I clean my canister when the outflow trickles.

I placed a pre-filter on the intake so it takes many months to get the filter pads dirty.


----------



## Elrodg (Sep 14, 2011)

herns said:


> I clean my canister when the outflow trickles.
> 
> I placed a pre-filter on the intake so it takes many months to get the filter pads dirty.


That sounds like a good idea. Think a bioball would suffice? My intake is quite large


----------



## oscarsx (Mar 15, 2011)

Every other month, i try to not to mess with it unless the flow is reduced greatly.

- Oz


----------



## Aquaticfan (Oct 30, 2011)

About every month.


----------



## herns (May 6, 2008)

Elrodg said:


> That sounds like a good idea. Think a bioball would suffice? My intake is quite large


I mean a sponge pre-filter place on the water in take. So, when the outflow trickles you can just remove the sponge pre-filter. I just clean mine in running tap water and place it back. I seldom replace my filter pads.

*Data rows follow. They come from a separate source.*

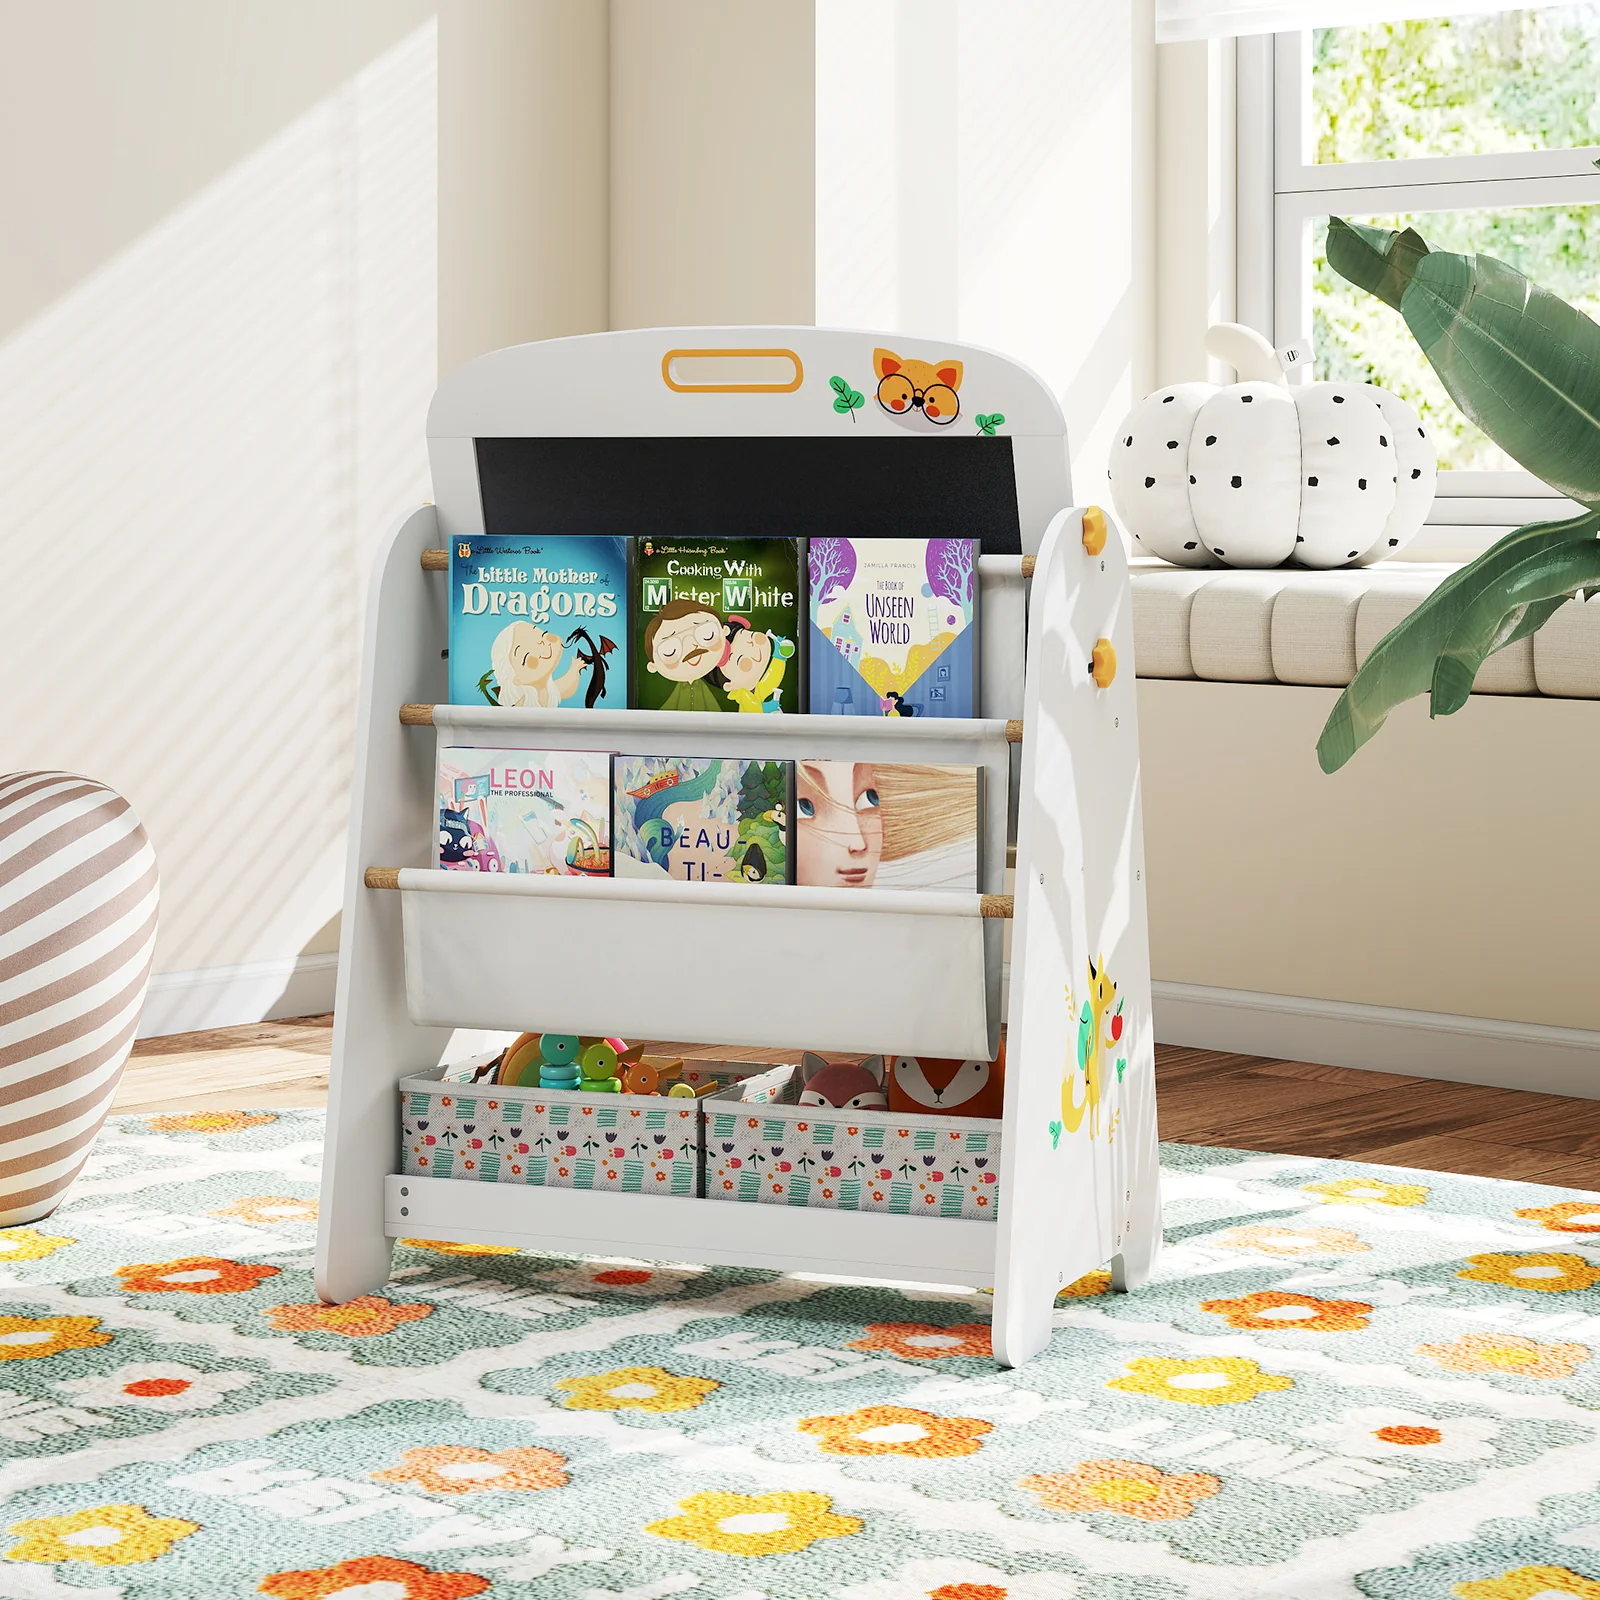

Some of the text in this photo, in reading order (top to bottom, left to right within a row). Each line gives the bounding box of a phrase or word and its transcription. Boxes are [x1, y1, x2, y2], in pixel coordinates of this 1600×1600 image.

[476, 546, 494, 555] Little
[495, 546, 522, 555] Westeros
[522, 545, 542, 555] Book
[661, 545, 678, 555] Little
[708, 545, 726, 555] Book
[461, 563, 610, 587] The Little Mother of
[667, 559, 763, 579] Cooking With
[724, 585, 794, 608] White
[876, 580, 905, 591] THE BOOK OF
[462, 583, 618, 624] Dragons
[865, 593, 914, 619] UNSEEN
[869, 618, 911, 645] WORLD
[489, 768, 554, 790] LEON
[491, 789, 554, 798] THE PROFESSIONAL

Sponge prefilter would fit almost intake hose.
I got mine from Fosters and Smith.


----------



## Elrodg (Sep 14, 2011)

Well you have given me some good ideas even if the ball wasn't one of them


----------



## ryc120 (Jan 17, 2012)

I have an eheim 2217 with a prefilter sponge on the intake. I do a light cleaning of it maybe once every 6 months 
And by light cleaning all I do is replace the white pad with a new one. 
The prefilter sponge needs to be rinsed out every 1-2weeks though.


----------



## pandamonium (May 14, 2012)

I clean it once a month or so. Dump out the old water, swish around the bucket and clean the coarse pad. The fine pad I just replace. I'll do it mainly when my filter clogs up which it does after a month to two months


----------



## milesm (Apr 4, 2006)

herns said:


> I clean my canister when the outflow trickles.
> 
> I placed a pre-filter on the intake so it takes many months to get the filter pads dirty.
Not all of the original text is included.